Кому интересно читать об этом?
«Кингспорт ньюс», 2 марта 1947 года
Книжное обозрение
«Юнайтед пресс»
Представьте себе, что по улице шагает женщина, писаная красавица, увешанная золотыми браслетами, с татуировкой на щиколотке. Незнакомка идет за покупками; за спиной у нее корзина. Быть может, сегодня она зажарит на вертеле игуану или броненосца. Деньги ей заменяют какао-бобы, которые несет за нею служанка, или удобное орудие, от которого все древние мексиканцы и их вторые половины без ума, — обоюдоострое копье под названием атль-атль.

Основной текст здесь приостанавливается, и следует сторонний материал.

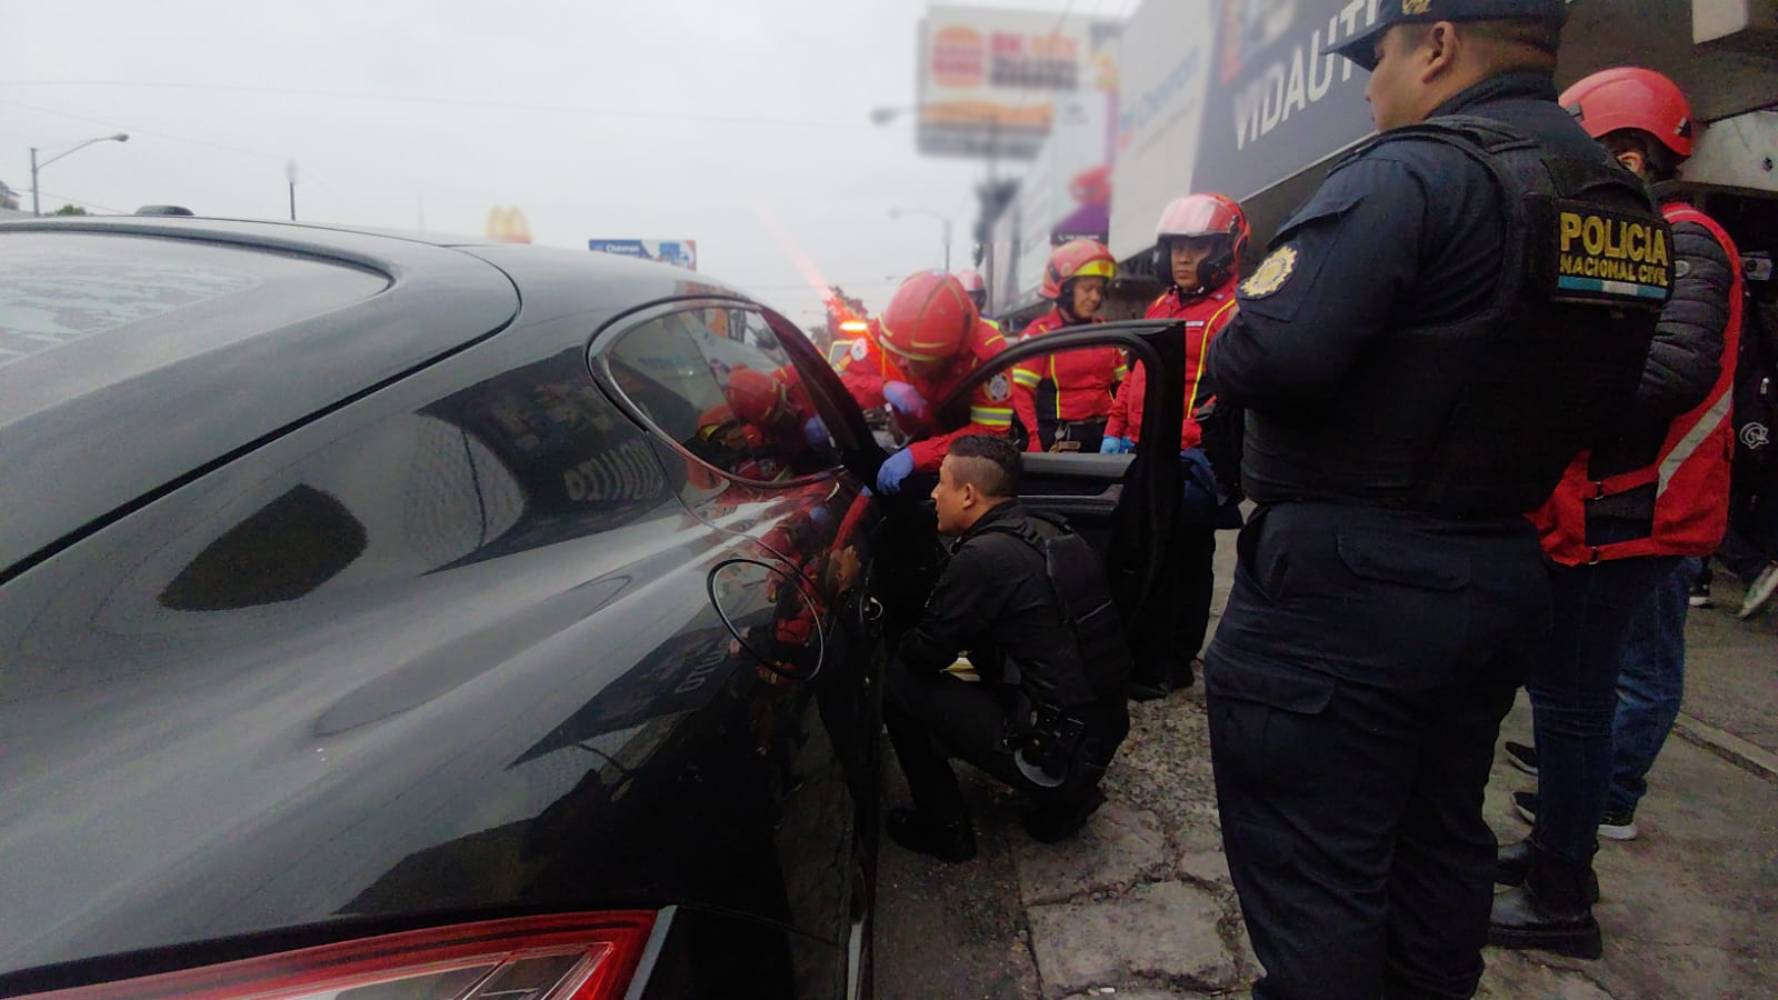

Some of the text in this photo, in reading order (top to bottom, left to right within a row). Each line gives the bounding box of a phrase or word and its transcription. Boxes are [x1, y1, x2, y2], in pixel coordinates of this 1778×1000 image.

[1560, 211, 1668, 266] POLICIA
[1559, 254, 1669, 286] NACIONAL CIVIL

Так начинаются «Пилигримы Чапультепека», роман Гаррисона Шеперда. Книга читается на одном дыхании. Древнее племя нигде не оседает надолго: их гонит с насиженных мест чума, набеги врагов и разбойничьи нападения. И они снова отправляются в путь, повинуясь сумасшедшему вождю, который уверяет, что приведет их в землю обетованную. Как они узнают, что достигли цели? Вождь заявляет, что боги велели ему искать сидящего на кактусе орла, который разрывает на куски змею.
Не считая заумного названия, в остальном эта книга о несгибаемых вождях и народе, который их терпит, — сплошное удовольствие: леденящие кровь сражения, счастливое избавление от опасности и множество приключений.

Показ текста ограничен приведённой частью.